A call to action on International Women’s Day
Progress in gender equality has been undermined by the Covid-19 pandemic.
“We need a reflection on COVID-19 within a gender perspective because its impact has not been gender neutral”, said Sandra Ribeiro in a recent ETF Facebook Live discussion. Ms Ribeiro described how the Portuguese Presidency of the Council of the European Union is seeking to address structural gender inequalities which contributed to the unequal effect on women during the crisis.
How have women been affected?
Women have been at the frontline tackling the pandemic. In the EU, 76% of healthcare and social-care workers and 86% of personal care workers in health services are women. Women are also overrepresented in labour market sectors which suffered the most from the pandemic (retail, hospitality, care and domestic work) as their work could not be done remotely. At the same time lockdowns have impacted women’s work life balance the world over with women taking on the greater responsibility of work and family duties and care. And yet despite all this, the European Commission’s 2021 report on gender equality in the EU highlights that women are incredibly underrepresented in COVID-19 decision-making bodies.
What is the EU doing?
Gender equality has never been so high up on the EU's political agenda, and the European Commission has made significant efforts to implement the Gender Equality Strategy, adopted one year ago to ensure a gender-responsive recovery in the EU.

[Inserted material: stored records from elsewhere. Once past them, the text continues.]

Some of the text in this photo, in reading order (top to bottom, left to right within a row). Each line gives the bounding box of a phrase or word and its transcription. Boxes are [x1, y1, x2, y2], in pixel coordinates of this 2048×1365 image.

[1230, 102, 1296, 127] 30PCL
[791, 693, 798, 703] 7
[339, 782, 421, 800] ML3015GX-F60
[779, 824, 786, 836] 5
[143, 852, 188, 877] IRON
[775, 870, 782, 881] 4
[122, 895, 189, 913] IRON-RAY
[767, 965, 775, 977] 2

In the Digital Education Action Plan and Updated Skills Agenda, the Commission announced a range of actions ensuring that girls and young women are equally present in ICT studies and digital skills development. Moreover, in the Action Plan to implement the European Pillar of Social Rights gender equality is at its core and establishes, amongst others, ambitious targets for women's participation in the labour market and the provision of early childcare.
The Commission also strengthened gender equality outside of the EU by presenting, in November 2020, the new Gender Action Plan (GAP III) for 2021-2025, an ambitious agenda for gender equality and women's empowerment in EU external action.
What is the ETF doing?
Social inclusion and gender equality are fundamental transversal issues within ETF’s work supporting human capital development within our partner countries. The ETF’s work is devised and delivered in the context of the European Union’s policies and the EU's external relations priorities in support of the UN's Sustainable Development Goals, for which the empowerment of women and girls is a key element and a key contributor to economic growth and development.
The ETF’s operations in developing countries are also guided by the European Consensus on Development, which is a commitment by the EU and its Member States to support inclusive lifelong learning and equitable quality education in developing countries. Special attention is paid to education and training opportunities for girls and women. Drawing upon the EU’s Digital Education and Action Plan and the EU Skills Agenda focus is given to developing digital literacy and skills as an important tool to empower people to promote social inclusion and to facilitate participation in democratic governance and the digital economy.
More specifically, the ETF undertakes an annual data compilation (KIESE) exercise with our partner countries to inform our activities. The most recent exercise, for instance, highlighted the higher participation of women in education, especially at tertiary level, but that women remain largely under-represented in Science, Technology, Engineering and Mathematics (STEM).
Additionally, during the last decade, the ETF has actively supported women entrepreneurs and the development of the relevant skills and competences. The reports provide policy recommendations for institutions and decision makers on how to address the women’s entrepreneurship agenda in national and regional contexts.